/---

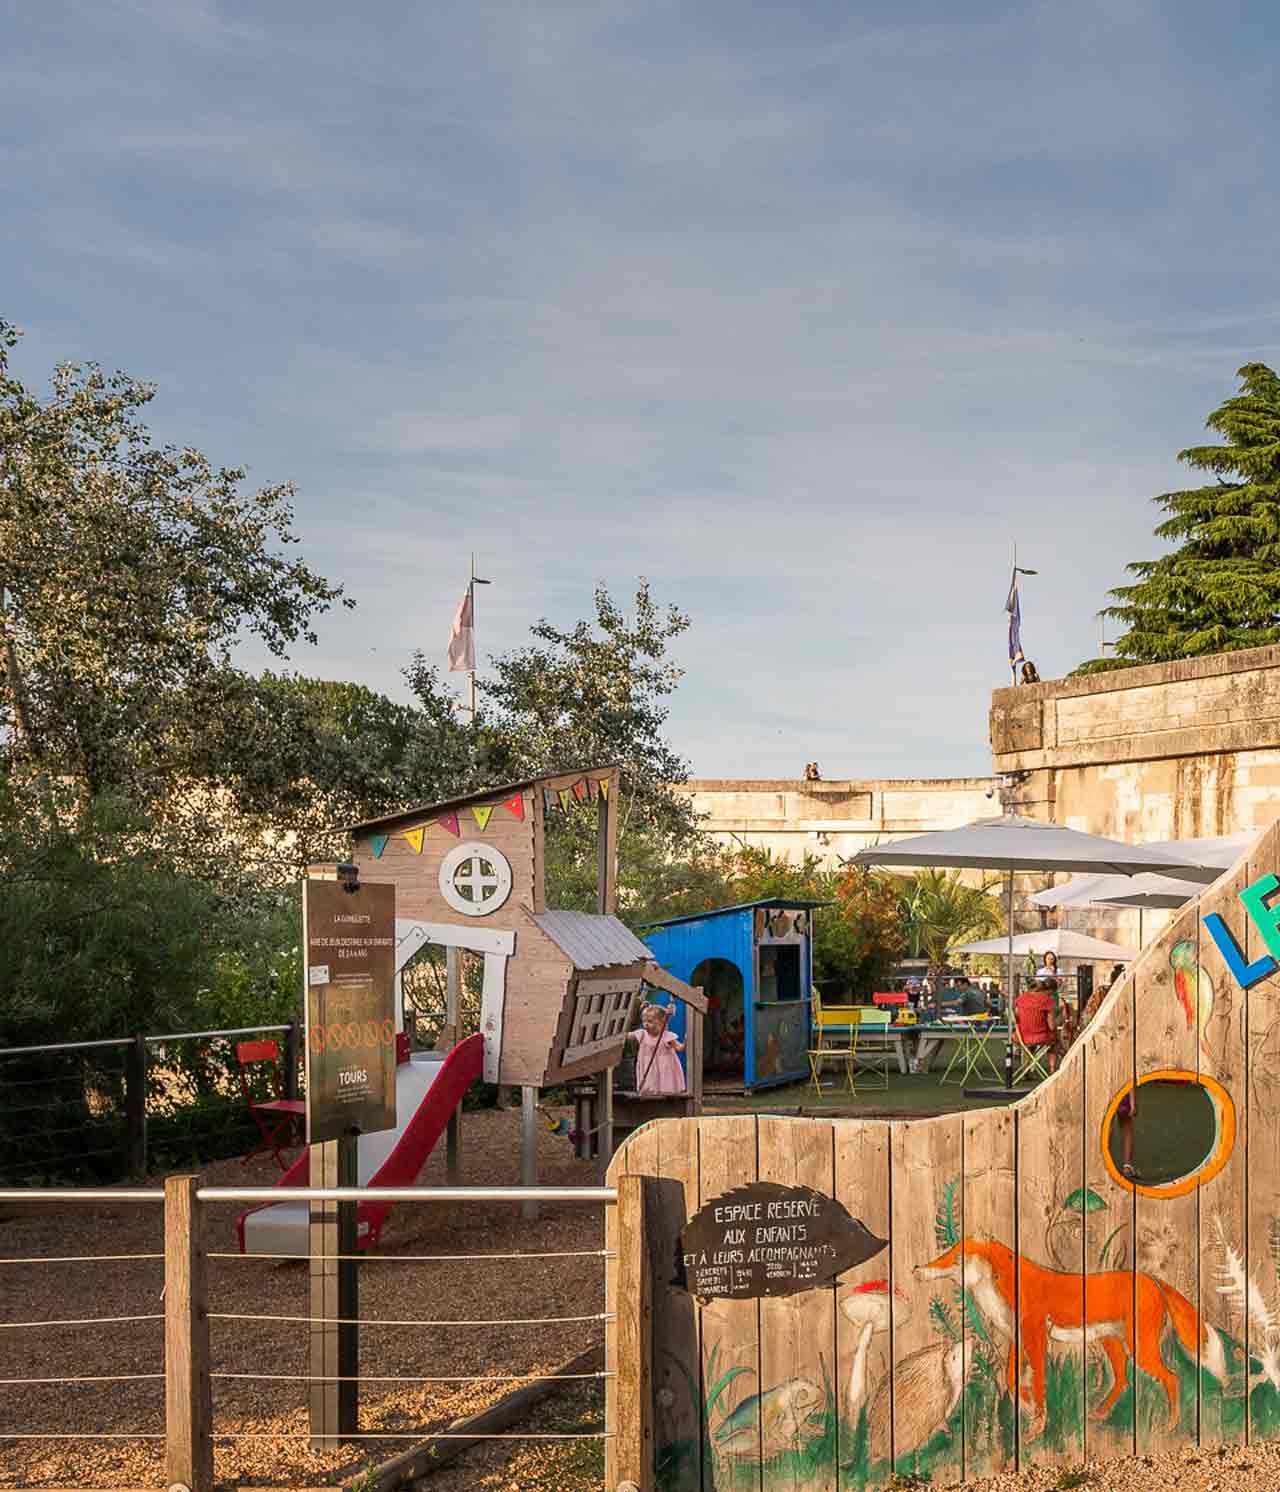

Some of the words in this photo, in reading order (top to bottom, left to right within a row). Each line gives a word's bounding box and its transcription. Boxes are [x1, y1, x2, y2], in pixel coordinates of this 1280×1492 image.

[339, 1070, 368, 1086] TOURS
[714, 1202, 762, 1223] ESPACE
[723, 1229, 746, 1245] AUX
[755, 1224, 807, 1244] ENFANTS
[683, 1253, 697, 1267] ET
[699, 1250, 708, 1265] À
[713, 1251, 744, 1265] LEURS
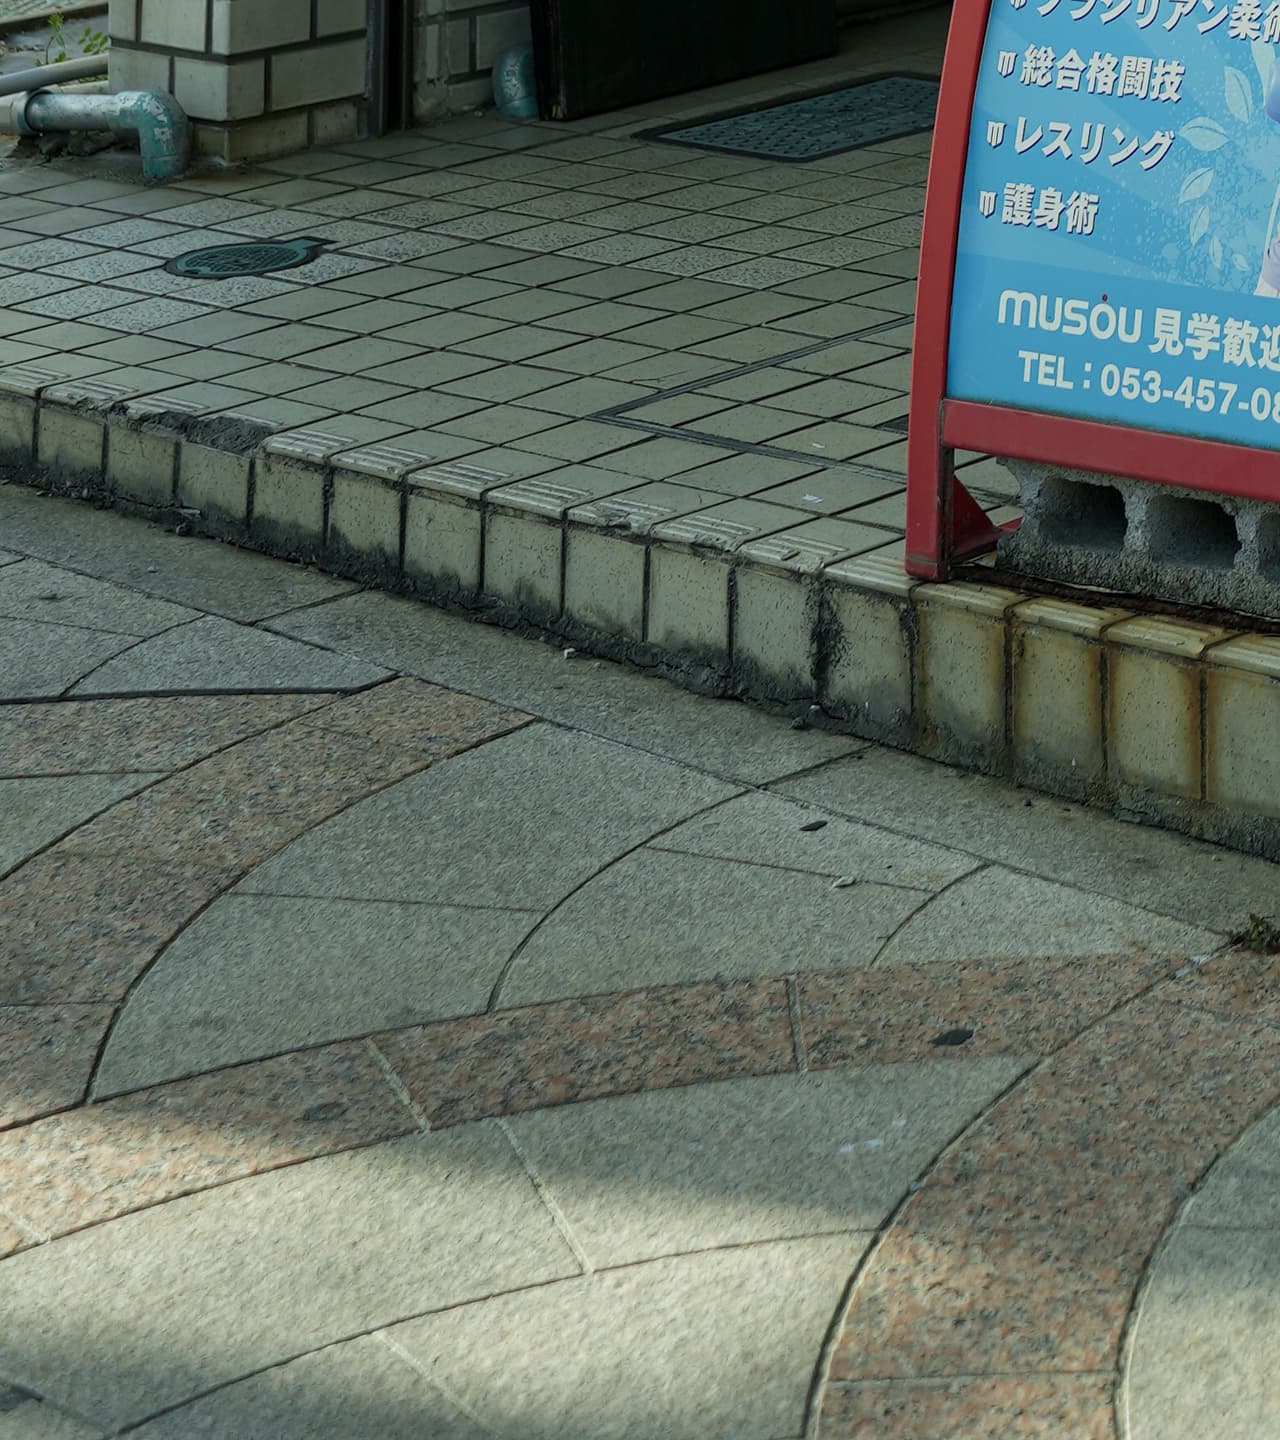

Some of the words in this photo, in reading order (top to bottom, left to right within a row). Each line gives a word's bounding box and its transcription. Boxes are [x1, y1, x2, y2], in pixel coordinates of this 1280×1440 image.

[1021, 47, 1187, 104] 総合格闘技
[1014, 115, 1175, 171] レスリング
[1002, 181, 1100, 237] 護身術
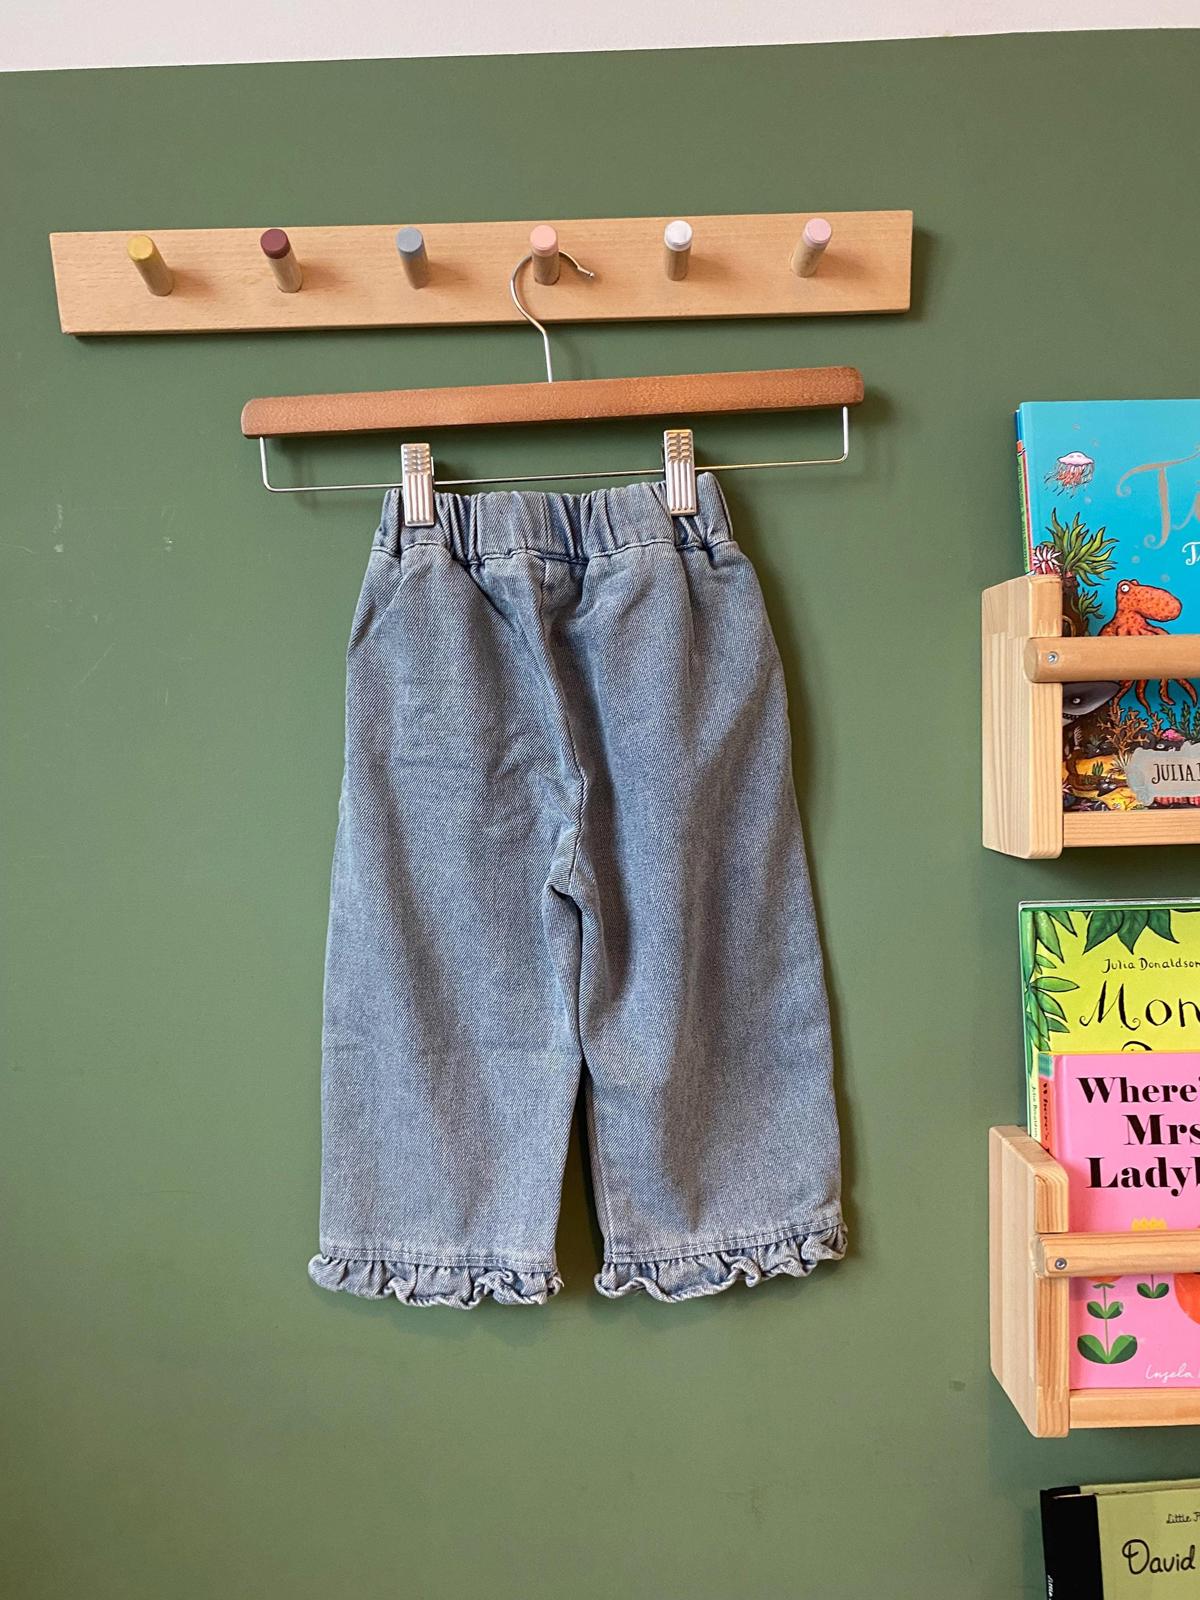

\---

What the exercise asks: Reproduce the data word for word, excluding its pictures.

Written response:
Some of the words in this photo, in reading order (top to bottom, left to right within a row). Each line gives a word's bounding box and its transcription. Boxes are [x1, y1, x2, y2], in pixel coordinates of this 1280×1492 image.

[339, 1070, 368, 1086] TOURS
[714, 1202, 762, 1223] ESPACE
[723, 1229, 746, 1245] AUX
[755, 1224, 807, 1244] ENFANTS
[683, 1253, 697, 1267] ET
[699, 1250, 708, 1265] À
[713, 1251, 744, 1265] LEURS

Some of the words in this photo, in reading order (top to bottom, left to right within a row). Each line gives a word's bounding box and its transcription. Boxes are [x1, y1, x2, y2], in pixel coordinates of this 1280×1440 image.

[1021, 47, 1187, 104] 総合格闘技
[1014, 115, 1175, 171] レスリング
[1002, 181, 1100, 237] 護身術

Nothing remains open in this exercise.